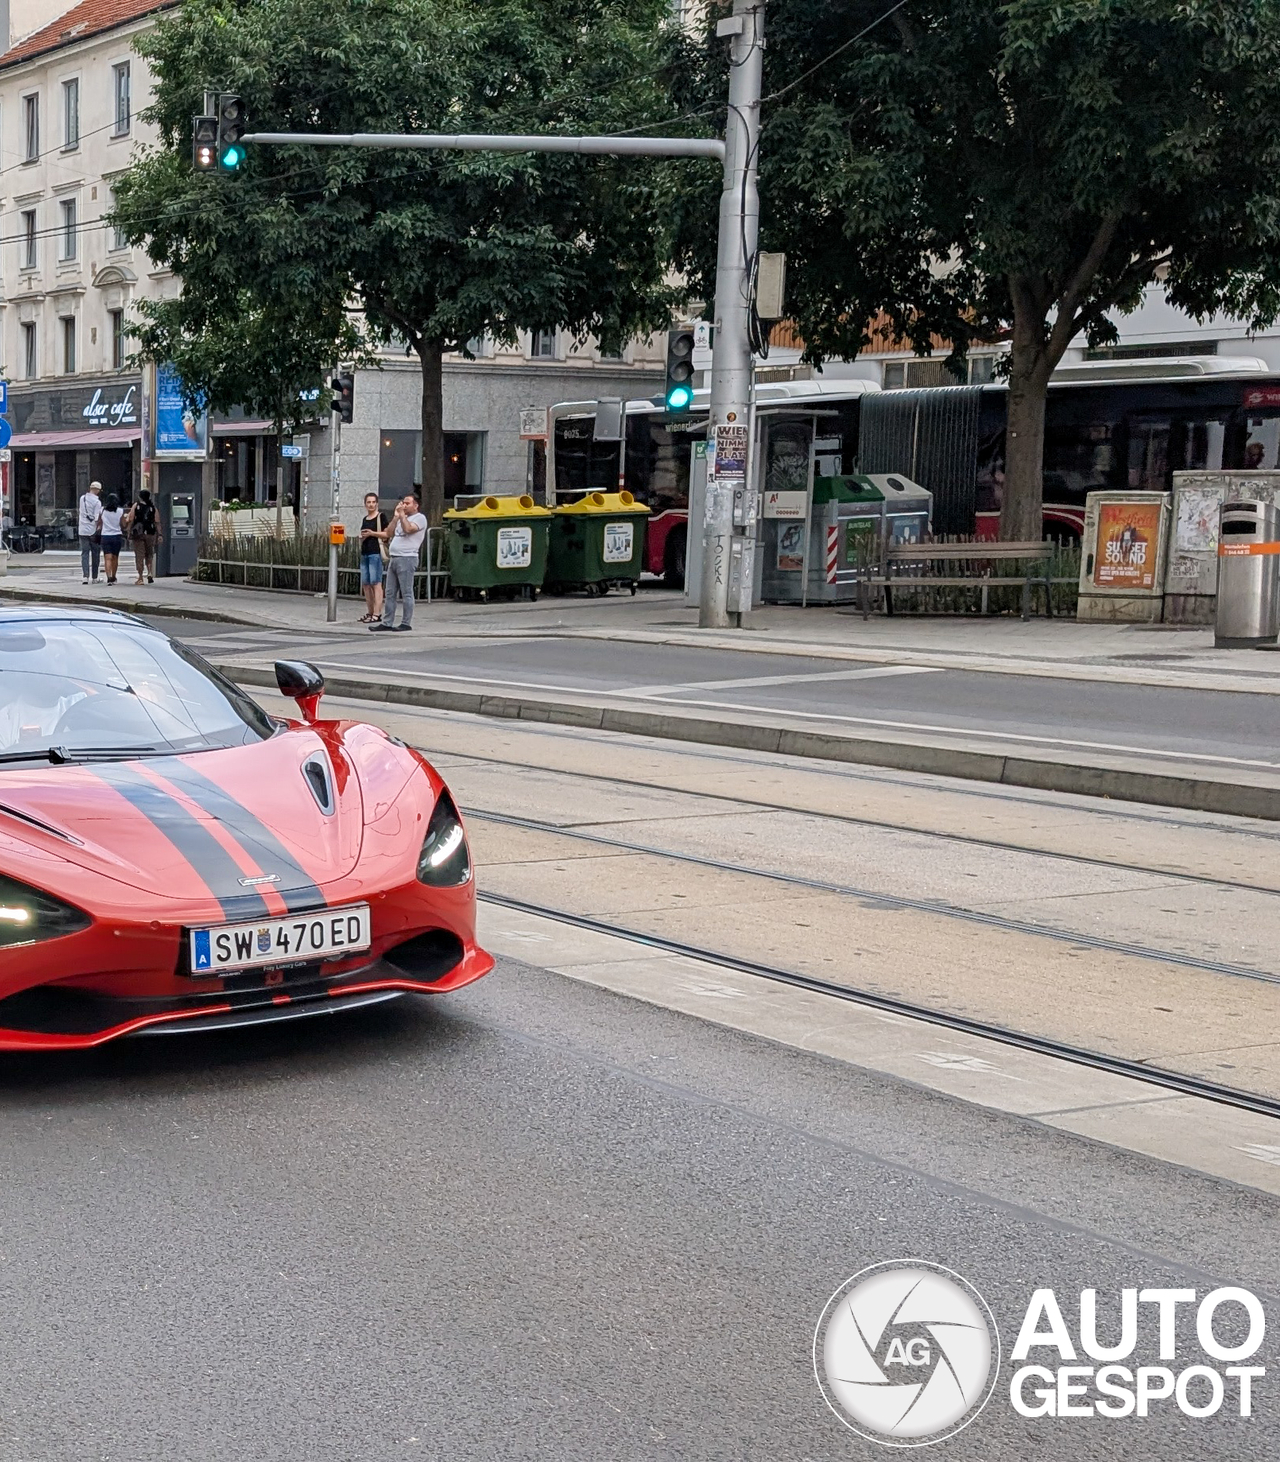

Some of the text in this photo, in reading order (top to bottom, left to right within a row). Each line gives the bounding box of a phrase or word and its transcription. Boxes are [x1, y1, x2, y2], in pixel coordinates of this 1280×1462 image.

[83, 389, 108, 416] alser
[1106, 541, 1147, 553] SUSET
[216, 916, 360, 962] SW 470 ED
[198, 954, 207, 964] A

_WHAT IS NEEDED_
Leave the pictures out and return the rest of the listing exactly.

_OUTPUT OF THE TASK_
Some of the text in this photo, in reading order (top to bottom, left to right within a row). Each line gives the bounding box of a phrase or word and its transcription. Boxes are [x1, y1, x2, y2], in pixel coordinates of this 1280×1462 image.

[83, 389, 108, 416] alser
[1106, 541, 1147, 553] SUSET
[216, 916, 360, 962] SW 470 ED
[198, 954, 207, 964] A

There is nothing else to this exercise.